Pan Jiahua, Director, Institute for Urban and Environmental Studies, Chinese Academy of Social Sciences, said a climate change goal is fundamental in the SDG framework, and it must be harmonious with both development and sustainability. He said its indicators must be measurable, reportable and verifiable, and suggested examples of both aggregate indicators—which would reflect CBDR—and per capita indicators. Pan said the drivers of climate change are linked to all other SDG issues. He also advocated a paradigm shift away from industrial civilization—based on fossil fuels, neglectful of geo-physical limits and materialist—to harmony between humans and nature, which relies on efficiency and justice.
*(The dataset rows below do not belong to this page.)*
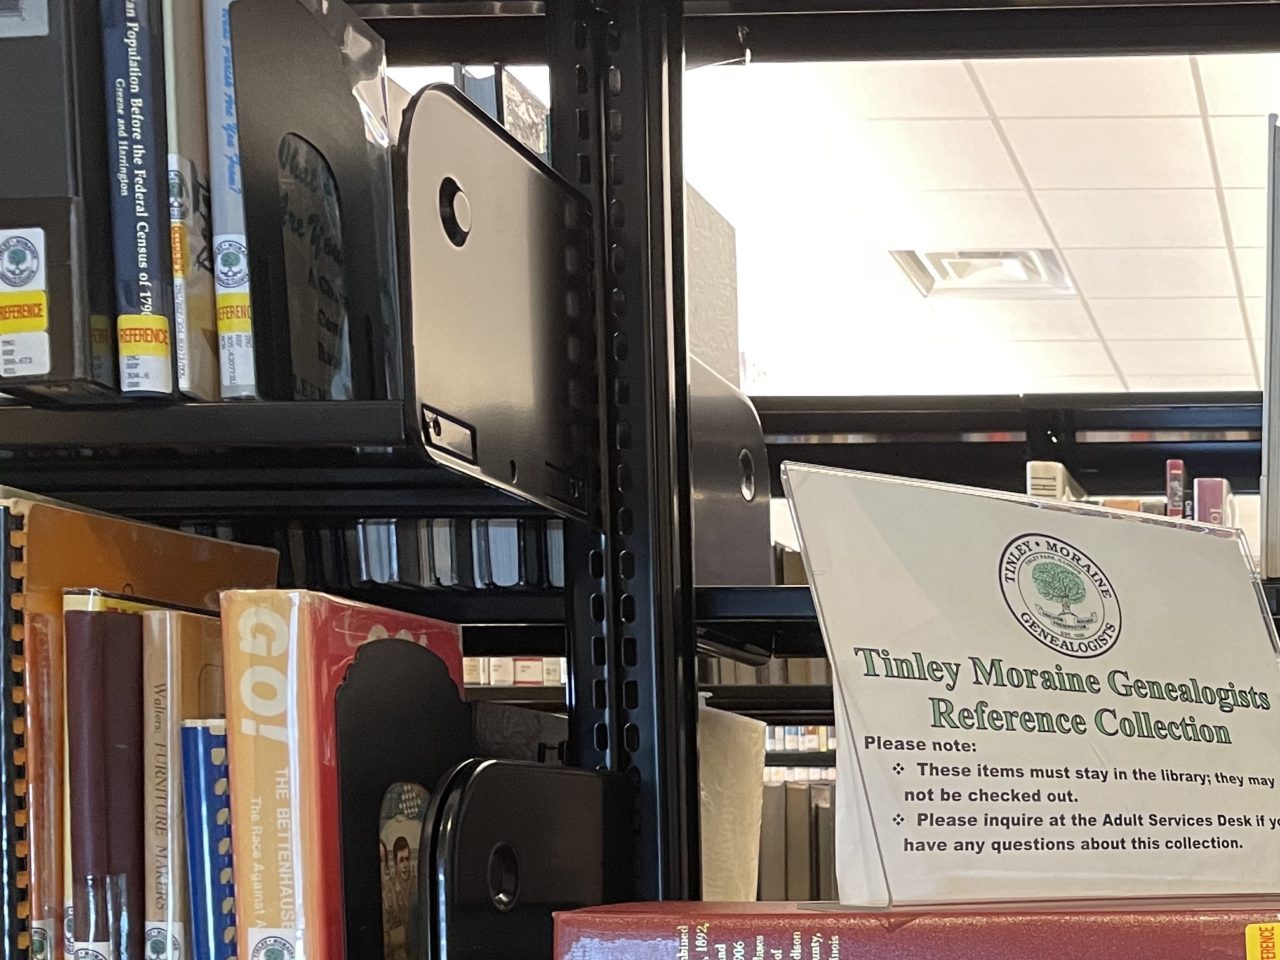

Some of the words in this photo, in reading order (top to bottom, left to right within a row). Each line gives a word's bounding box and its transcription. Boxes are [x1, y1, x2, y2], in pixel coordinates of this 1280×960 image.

[125, 21, 140, 93] Population
[115, 78, 125, 114] Greene
[118, 119, 126, 134] and
[130, 98, 142, 140] Before
[118, 136, 128, 197] Harrington
[133, 144, 142, 161] the
[134, 165, 148, 217] Federal
[135, 220, 150, 269] Census
[138, 273, 150, 287] of
[1005, 541, 1032, 583] TINLEY
[1046, 541, 1112, 599] MORAINE
[1021, 612, 1115, 653] GENEALOGISTS
[238, 606, 289, 744] GO!
[854, 647, 960, 690] Tinley
[969, 657, 1099, 694] Moraine
[1107, 670, 1270, 712] Genealogists
[929, 697, 1087, 735] Reference
[1094, 708, 1232, 744] Collection
[865, 736, 926, 750] Please
[933, 740, 977, 752] note:
[917, 762, 971, 777] These
[977, 764, 1024, 778] items
[1030, 767, 1070, 779] must
[1075, 767, 1108, 782] stay
[1114, 768, 1127, 780] in
[1132, 769, 1156, 781] the
[1161, 770, 1211, 785] library;
[1215, 773, 1243, 787] they
[1249, 777, 1275, 788] may
[904, 789, 934, 801] not
[940, 788, 962, 801] be
[968, 789, 1041, 802] checked
[1047, 790, 1078, 802] out.
[917, 813, 977, 827] Please
[984, 813, 1043, 829] inquire
[1049, 814, 1066, 827] at
[1071, 813, 1096, 827] the
[1102, 813, 1144, 827] Adult
[1149, 814, 1213, 827] Services
[1217, 814, 1252, 827] Desk
[1256, 815, 1265, 827] if
[903, 838, 947, 852] have
[953, 839, 985, 854] any
[991, 838, 1075, 855] questions
[1080, 837, 1126, 850] about
[1131, 837, 1160, 850] this
[1164, 837, 1243, 850] collection.
[696, 923, 709, 952] 1892,
[771, 949, 782, 960] of
OWG members’ comments and questions included one by France’s Deputy Minister for Development Pascal Canfin, who stressed the importance of limiting global temperature increases, and said the development agenda can no longer be considered without taking climate change into account. Poverty cannot be eradicated, he said, without also incorporating climate solutions into the agenda. He stressed that a specific SDG linked to climate change would not bring any added value, but that the issue should be reflected across goals from many different points of view.
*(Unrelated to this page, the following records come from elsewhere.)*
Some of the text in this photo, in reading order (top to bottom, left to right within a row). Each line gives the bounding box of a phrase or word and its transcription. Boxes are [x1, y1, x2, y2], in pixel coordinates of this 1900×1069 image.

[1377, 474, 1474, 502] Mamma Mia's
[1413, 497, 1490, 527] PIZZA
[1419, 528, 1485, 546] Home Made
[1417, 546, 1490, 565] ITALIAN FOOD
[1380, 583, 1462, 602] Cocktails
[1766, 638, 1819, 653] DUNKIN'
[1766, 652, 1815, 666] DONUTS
Special Representative of the Secretary-General for Disaster Risk Reduction Margareta Wahlström said sustainable development is not feasible without recognizing disaster and climate risks. With the rapid increase of disasters, she said we have focused more on losses than on preparation and mitigation. She urged thinking about risk in three ways: prevention; risk reduction; and strengthening resilience.
Steer, responding to a question on the principle of CBDR, said this principle should not become a burden but investment in development. He said a stand-alone goal on climate could push the UNFCCC process “in the wrong direction.” Influencing the chances of a deal at the twenty-first session of the UNFCCC Conference of the Parties (COP 21), he asserted, is not the role of the OWG, but it would be a “massive mistake” for the SDG process to ignore climate change because of other ongoing processes. The OWG’s job is not to meddle in negotiations, he affirmed, but to set SDGs, which cannot be done without addressing climate change. He added that climate change responses are about development: resilience of cities and agriculture, for example, on the adaptation side, and resource efficiency, as an example of mitigation.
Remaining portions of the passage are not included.